- What the task requires
Exclude the pictures and transcribe the rest of the data below exactly.

- Data for this task
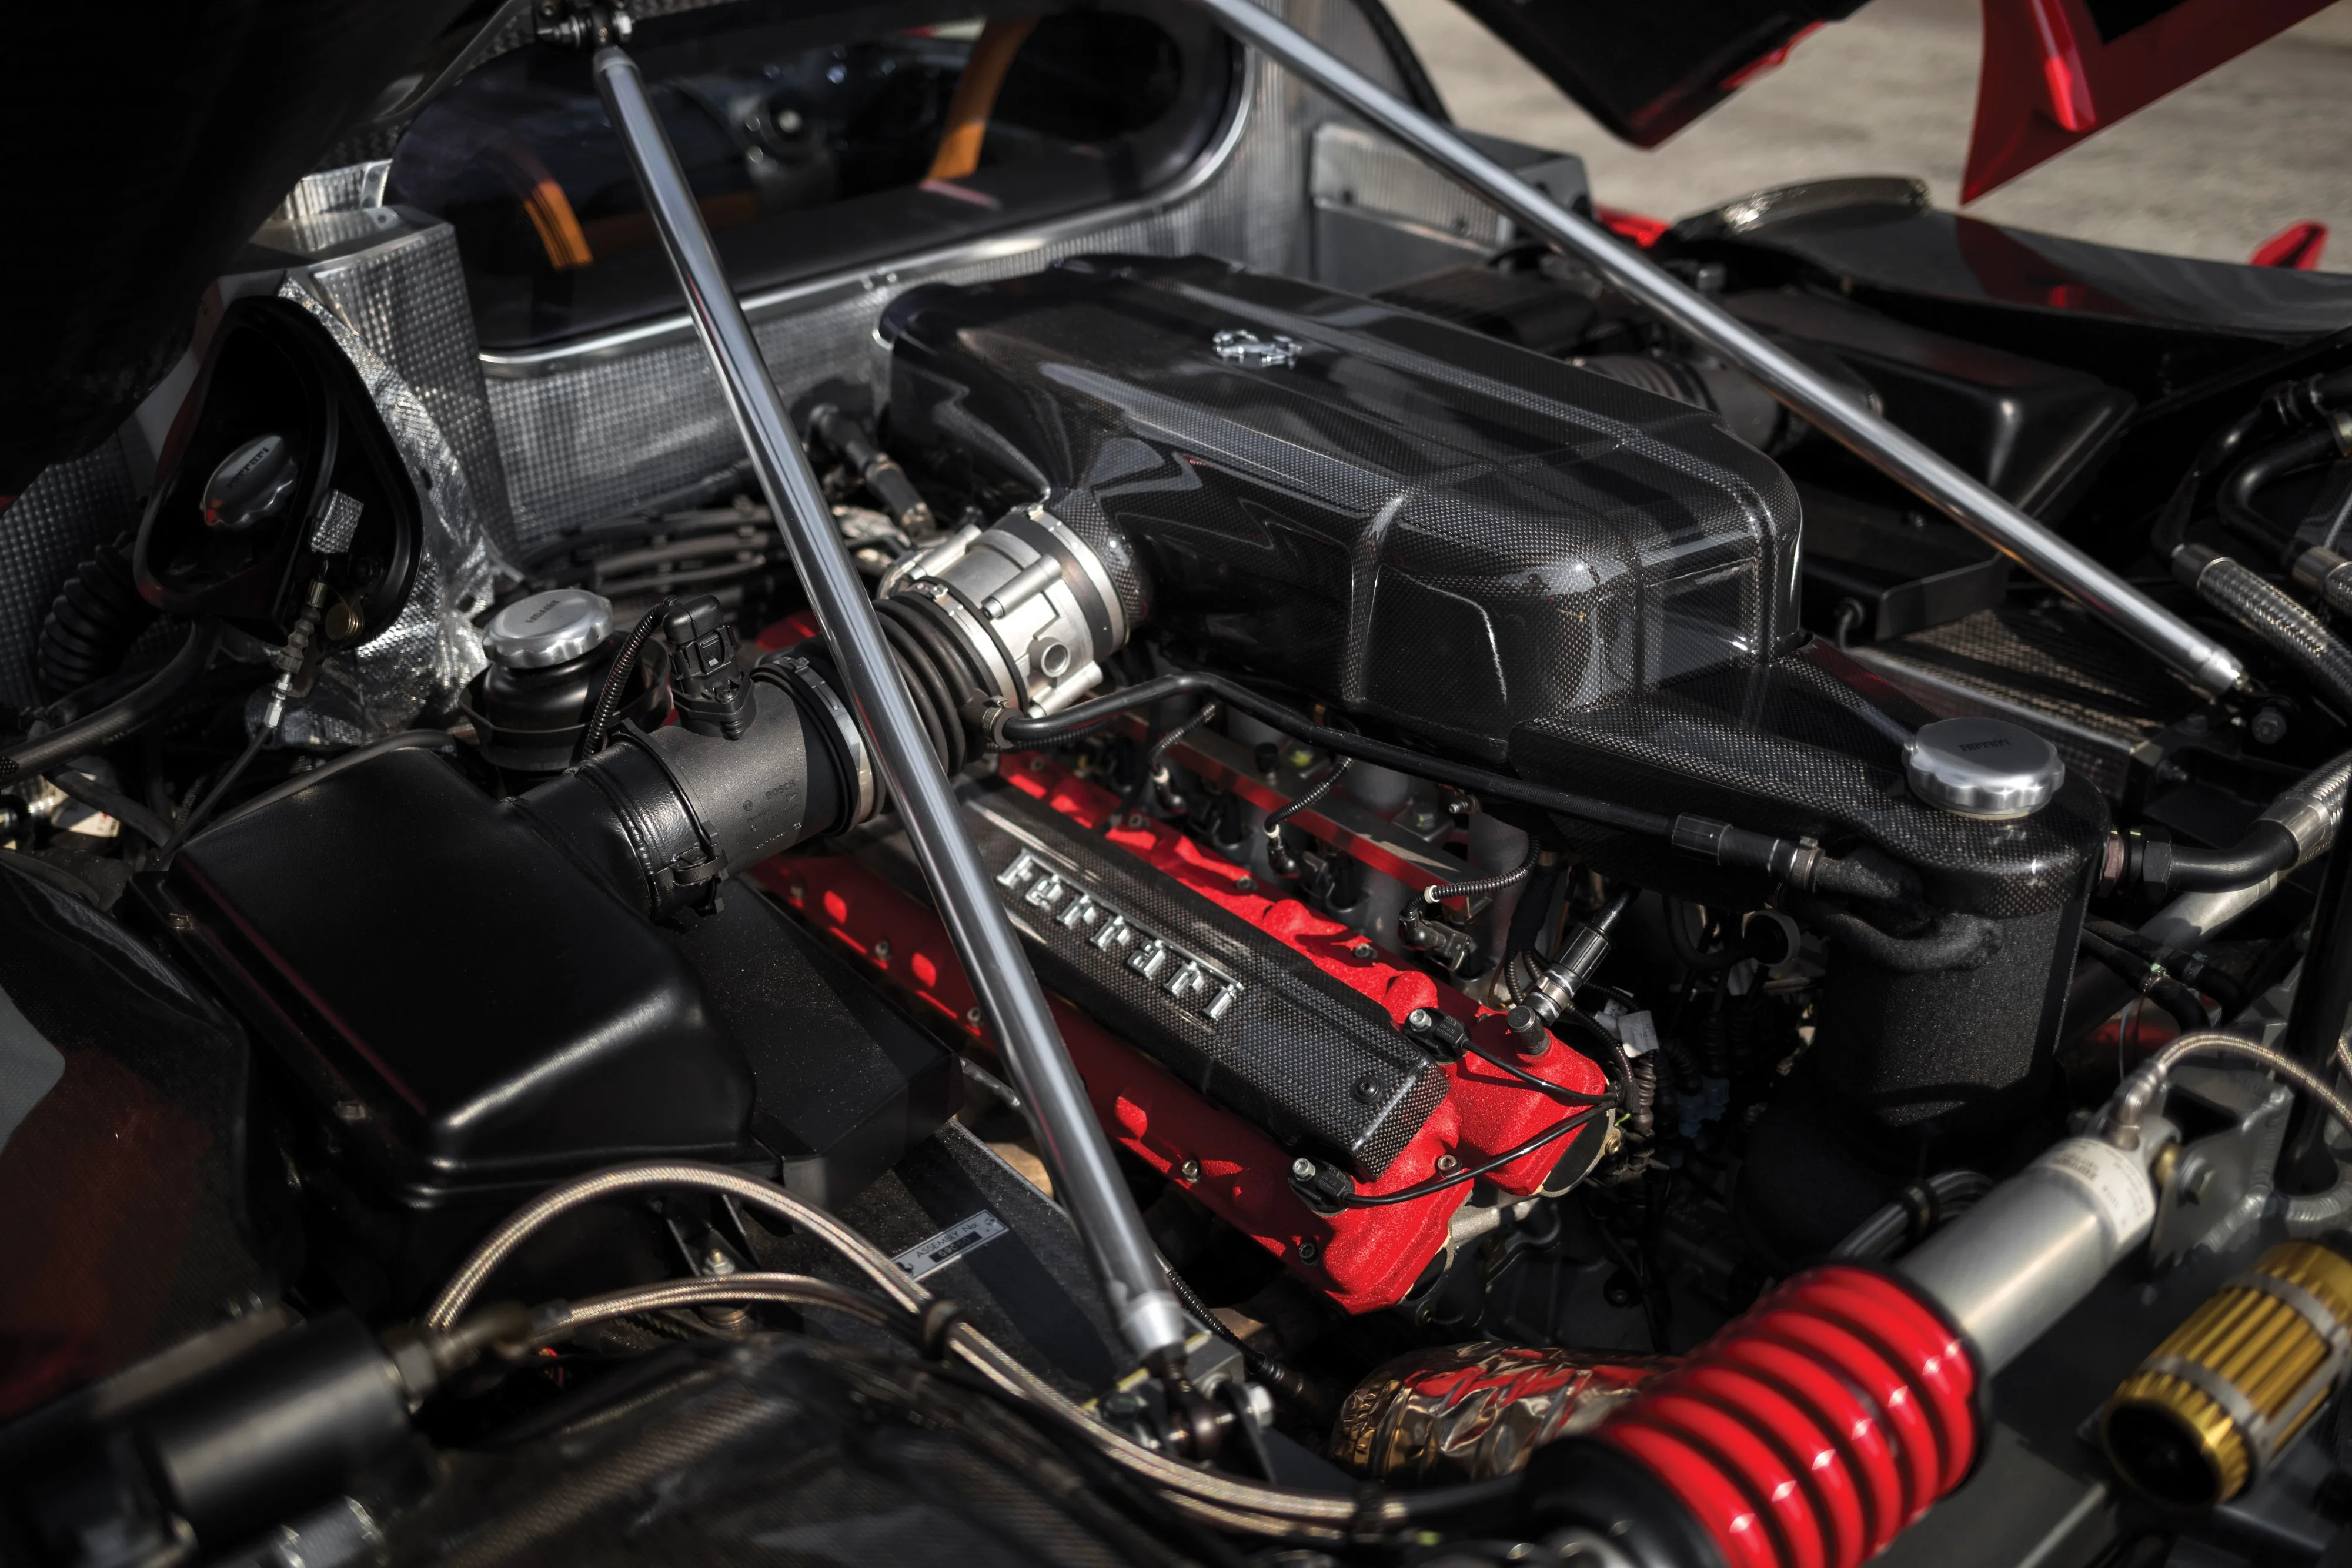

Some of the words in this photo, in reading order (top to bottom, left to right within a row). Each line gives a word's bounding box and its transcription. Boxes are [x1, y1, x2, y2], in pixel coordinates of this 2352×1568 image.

[765, 779, 796, 800] BOSCH
[995, 847, 1245, 1021] Ferrari
[916, 1230, 960, 1258] ASSEMBLY
[938, 1237, 971, 1257] 59050

- Response
Some of the words in this photo, in reading order (top to bottom, left to right within a row). Each line gives a word's bounding box and its transcription. Boxes are [x1, y1, x2, y2], in pixel coordinates of this 2352×1568 image.

[765, 779, 796, 800] BOSCH
[995, 847, 1245, 1021] Ferrari
[916, 1230, 960, 1258] ASSEMBLY
[938, 1237, 971, 1257] 59050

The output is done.